First, the above data is condensed into a shorter format. Distances in kilometers.
distances in kilometers | 1 kt | 20 kt | 1 mt | 20 mt |
Blast – kilometers | ||||
urban area destroyed – 20 psi | 0.2 | 0.6 | 2.4 | 6.4 |
destroy most civilian buildings – 5 psi | 0.6 | 1.7 | 6.2 | 17.0 |
moderate damage to buildings – 1 psi | 1.7 | 4.7 | 17.0 | 47.0 |
Thermal radiation – heat – kilometers | ||||
3rd degree burns | 0.6 | 2.5 | 12.0 | 38.0 |
2nd degree burns | 0.8 | 3.2 | 15.0 | 44.0 |
1st degree burns | 1.1 | 4.2 | 19.0 | 53.0 |
Instant nuclear radiation – kilometers | ||||
lethal dose | 0.8 | 1.4 | 2.3 | 4.7 |
acute radiation syndrome | 1.2 | 1.8 | 2.9 | 5.4 |
Next, the distances are converted from kilometers to miles at 0.621 miles to the kilometer.

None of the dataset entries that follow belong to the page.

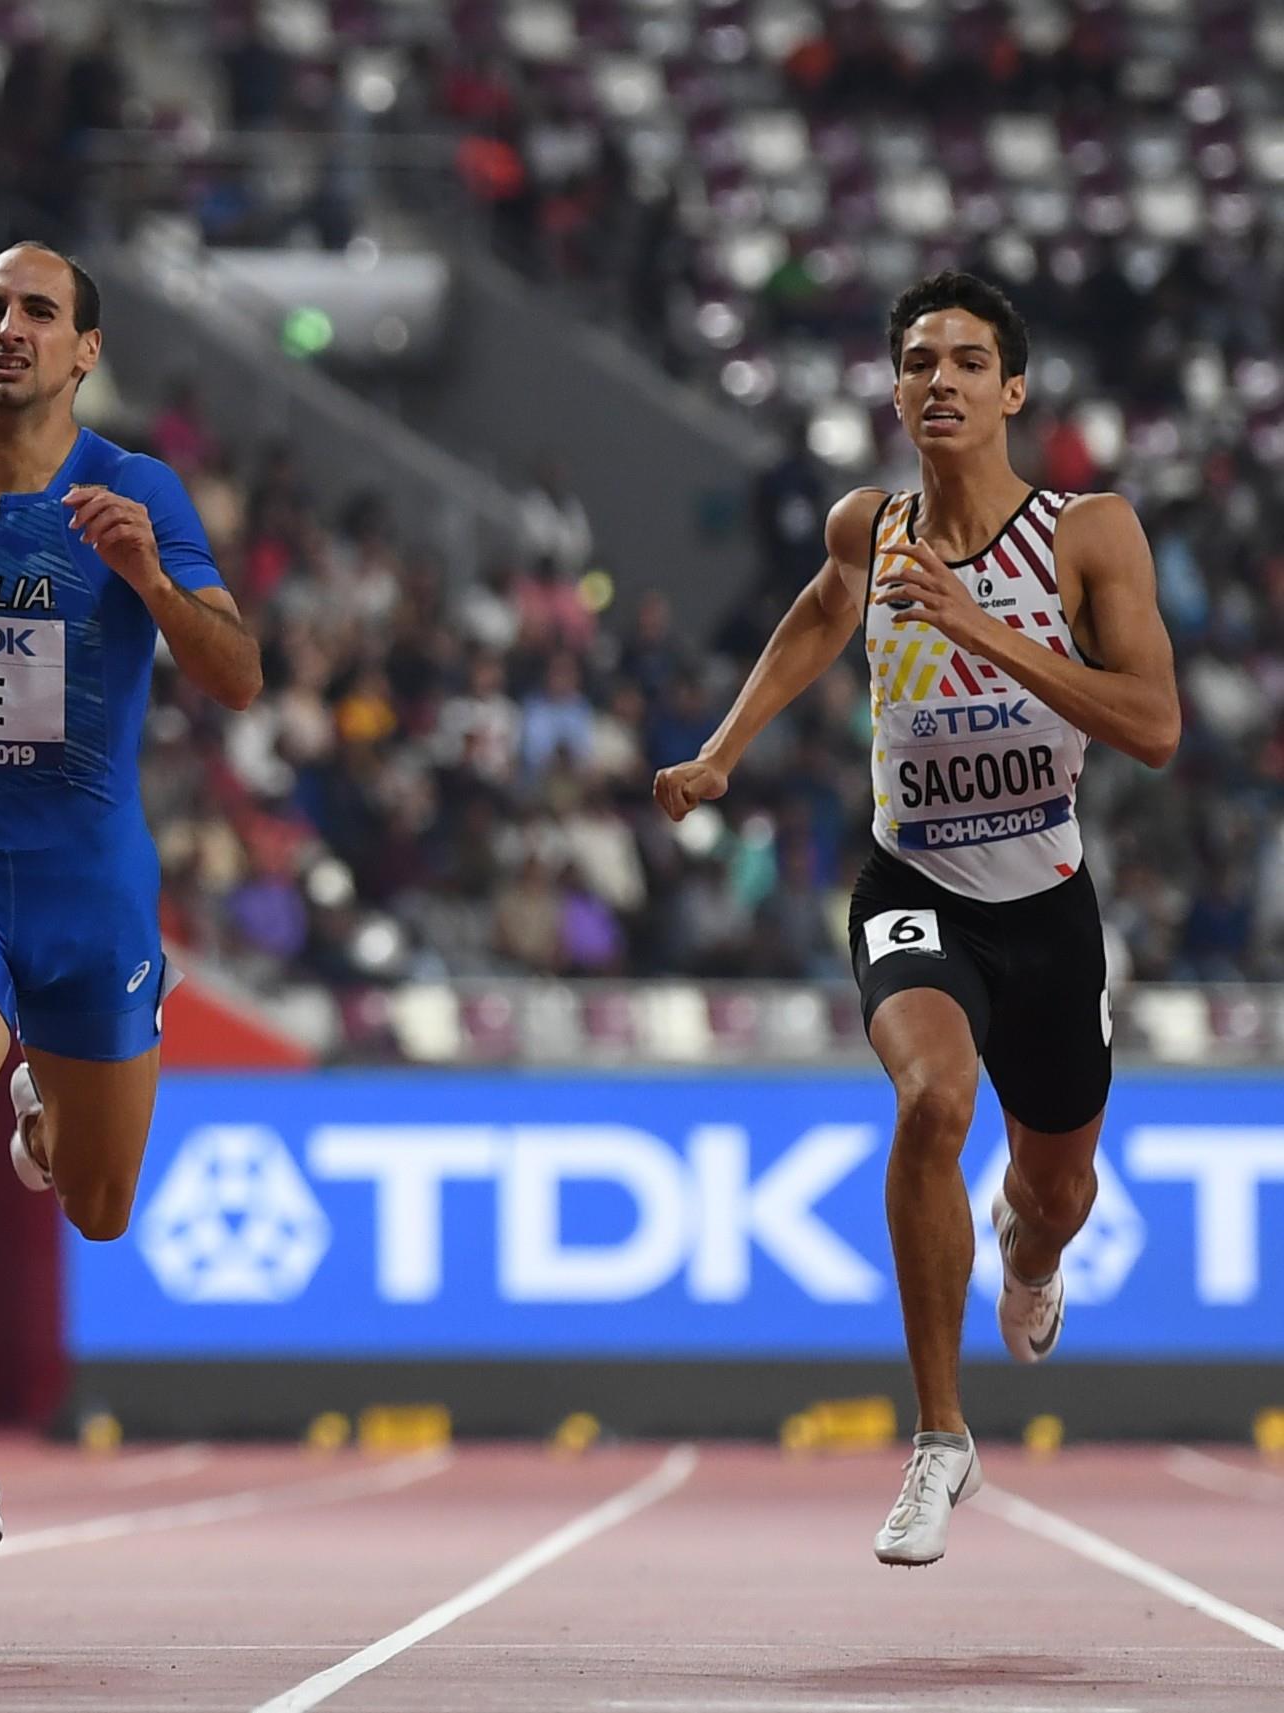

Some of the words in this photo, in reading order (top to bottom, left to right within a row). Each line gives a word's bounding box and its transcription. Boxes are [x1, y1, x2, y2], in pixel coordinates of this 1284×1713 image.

[936, 699, 1033, 735] TDK
[899, 744, 1056, 809] SACOOR
[925, 808, 1047, 846] DOHA2019
[888, 915, 926, 945] 6
[308, 1124, 884, 1302] TDK

distances in miles | 1 kt | 20 kt | 1 mt | 20 mt |
Blast – miles distance | ||||
urban area destroyed – 20 psi | 0.1 | 0.4 | 1.5 | 4.0 |
destroy most civilian buildings – 5 psi | 0.4 | 1 .1 | 3.9 | 10.6 |
moderate damage to buildings – 1 psi | 1.1 | 2.9 | 10.6 | 29.2 |
Thermal radiation – heat – miles distance | ||||
3rd degree burns | 0.4 | 1.6 | 7.5 | 23.6 |
2nd degree burns | 0.5 | 2.0 | 9.3 | 27.3 |
1st degree burns | 0.7 | 2.6 | 11.8 | 32.9 |
Instant nuclear radiation – miles distance | ||||
lethal dose | 0.5 | 0.9 | 1.4 | 2.9 |
acute radiation syndrome | 0.7 | 1.1 | 1.8 | 3.4 |
Finally, the distances of devastation are converted to the number of square miles the damage would theoretically cover.
damage area in square miles | 1 kt | 20 kt | 1 mt | 20 mt |
Blast – square miles | ||||
urban area destroyed – 20 psi | 0.0 | 0.4 | 7.0 | 49.6 |
destroy most civilian buildings – 5 psi | 0.4 | 3.5 | 46.6 | 350.1 |
moderate damage to buildings – 1 psi | 3.5 | 26.8 | 350.1 | 2,676.2 |
Thermal radiation – heat – square miles | ||||
3rd degree burns | 0.4 | 7.6 | 174.5 | 1,749.4 |
2nd degree burns | 0.8 | 12.4 | 272.6 | 2,345.4 |
1st degree burns | 1.5 | 21.4 | 437.3 | 3,403.1 |
Instant nuclear radiation – square miles | ||||
lethal dose | 0.8 | 2.4 | 6.4 | 26.8 |
acute radiation syndrome | 1.7 | 3.9 | 10.2 | 35.3 |
Equivalent megatons
A hundred kilton nuke is not ten times more powerful than ten kt. The relationship is actually to the two-thirds power. The way to compare weapons is ‘equivalent megatons’ which is calculated as:
MT^(2/3)
In other words, the weapon size expressed in megatons, raised to the power of 2/3.
yield | 1 kt | 20 kt | 1 mt | 20 mt |
megaton | 0.001 | 0.020 | 1.000 | 20.000 |
equivalent mt | 0.010 | 0.074 | 1.000 | 7.368 |
ratio of next lower size | 7.4 | 13.6 | 7.4 |
Again, the ugly message from the above information is nuclear weapons are horrible and should not be used.
As previously mentioned, the information in this blog post, but only this specific blog post, may be used by anyone under the Creative Commons Attribution-ShareAlike License.